Task objective: The required answer is the data below, restated word for word with images omitted.

Top of Provided records

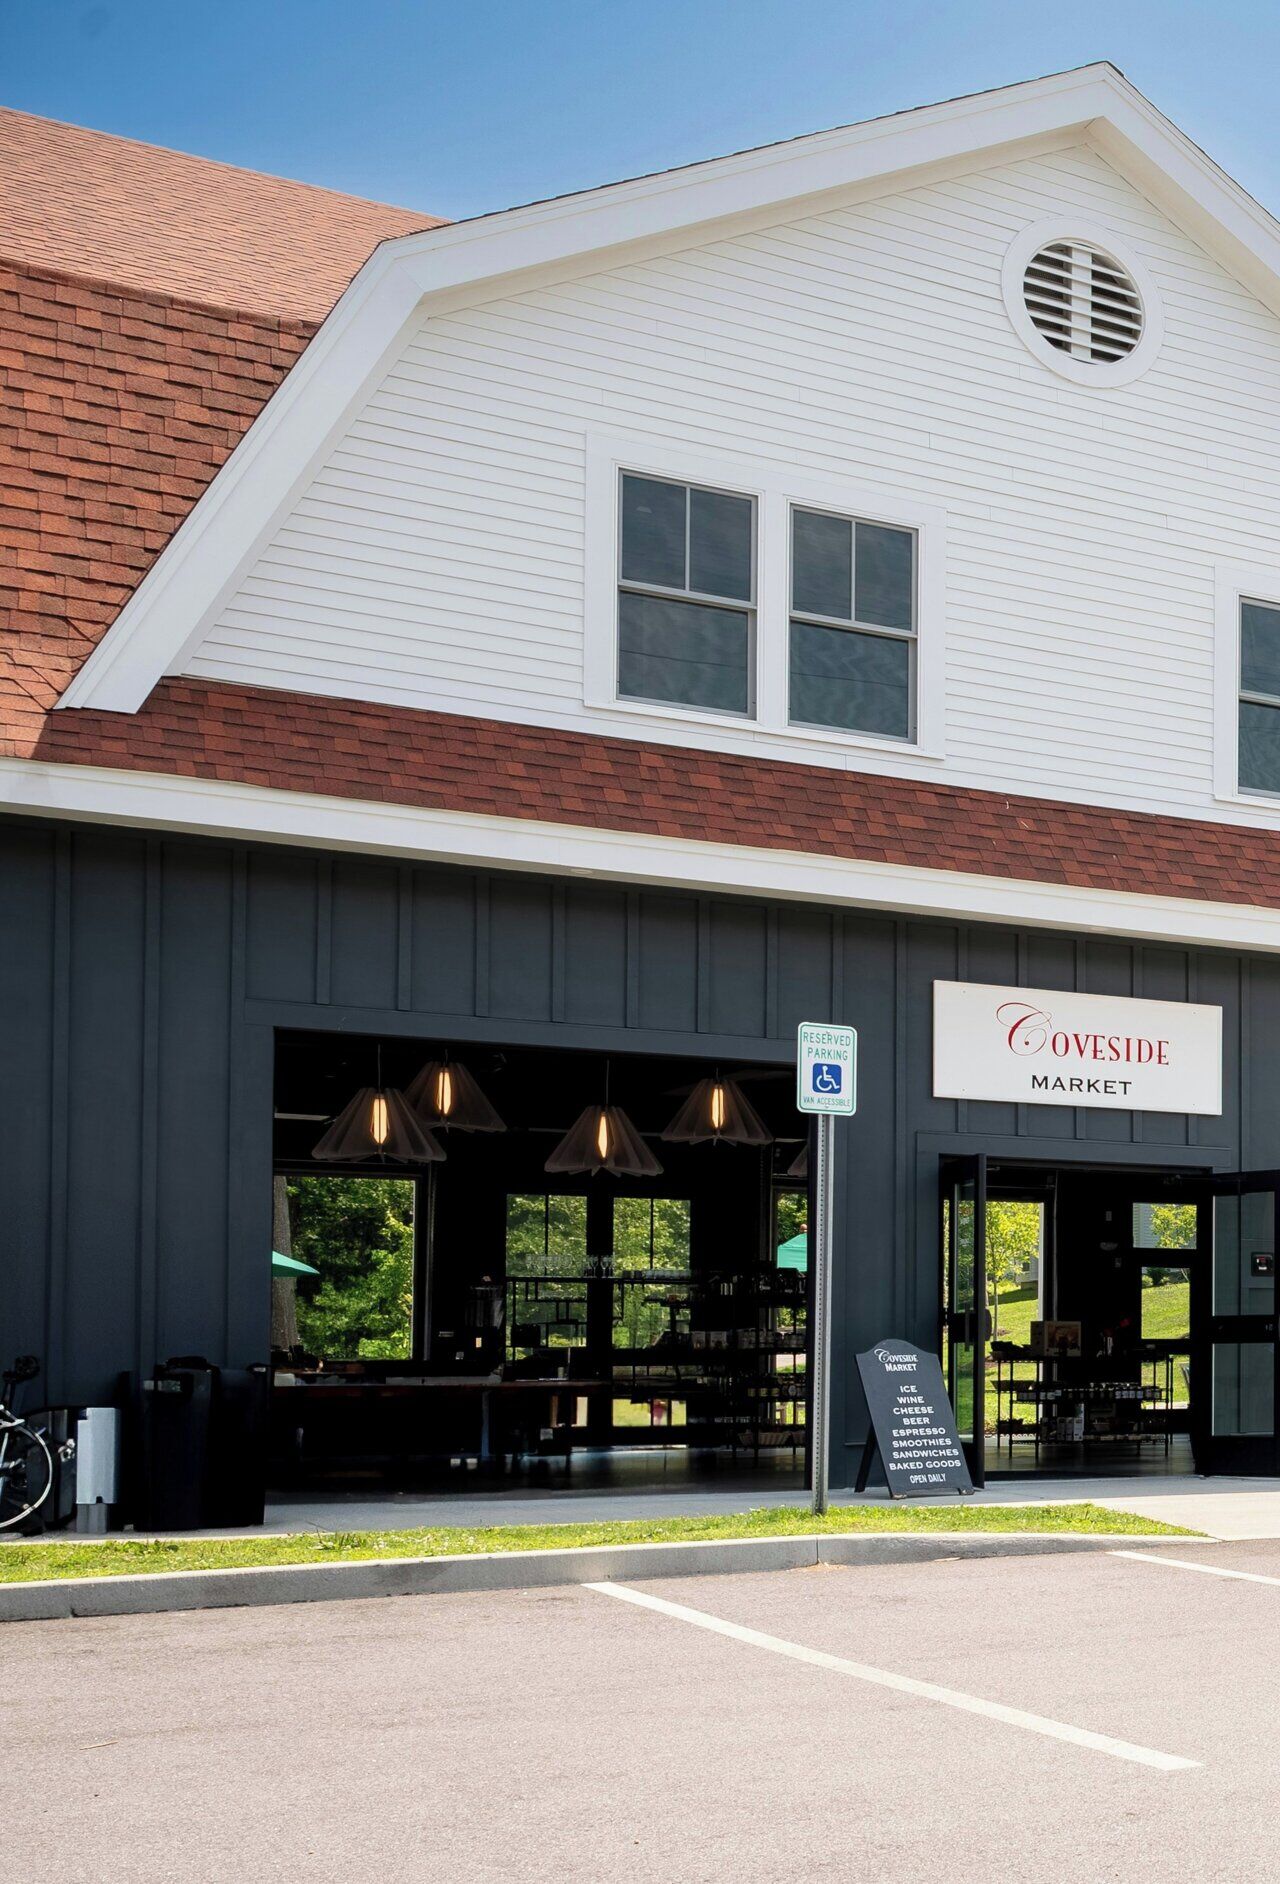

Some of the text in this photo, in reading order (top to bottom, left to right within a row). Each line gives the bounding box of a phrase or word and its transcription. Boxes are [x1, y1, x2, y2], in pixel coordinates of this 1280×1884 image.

[803, 1031, 851, 1047] RESERVED
[996, 1002, 1170, 1066] COVESIDE
[807, 1047, 848, 1061] PARKING
[1031, 1074, 1132, 1095] MARKET
[803, 1095, 851, 1107] VAN ACCESSIBLE
[884, 1363, 917, 1372] MARKET
[900, 1385, 918, 1393] ICE
[897, 1396, 925, 1404] WINE
[893, 1406, 935, 1415] CHEESE
[902, 1417, 930, 1425] BEER
[892, 1427, 946, 1437] ESPRESSO
[892, 1438, 952, 1448] SMOOTHIES
[892, 1449, 959, 1459] SANDWICHES
[889, 1460, 961, 1470] BAKED GOODS
[909, 1473, 946, 1484] OPEN DAILY

Bottom of Provided records

Output for this task:
Some of the text in this photo, in reading order (top to bottom, left to right within a row). Each line gives the bounding box of a phrase or word and its transcription. Boxes are [x1, y1, x2, y2], in pixel coordinates of this 1280×1884 image.

[803, 1031, 851, 1047] RESERVED
[996, 1002, 1170, 1066] COVESIDE
[807, 1047, 848, 1061] PARKING
[1031, 1074, 1132, 1095] MARKET
[803, 1095, 851, 1107] VAN ACCESSIBLE
[884, 1363, 917, 1372] MARKET
[900, 1385, 918, 1393] ICE
[897, 1396, 925, 1404] WINE
[893, 1406, 935, 1415] CHEESE
[902, 1417, 930, 1425] BEER
[892, 1427, 946, 1437] ESPRESSO
[892, 1438, 952, 1448] SMOOTHIES
[892, 1449, 959, 1459] SANDWICHES
[889, 1460, 961, 1470] BAKED GOODS
[909, 1473, 946, 1484] OPEN DAILY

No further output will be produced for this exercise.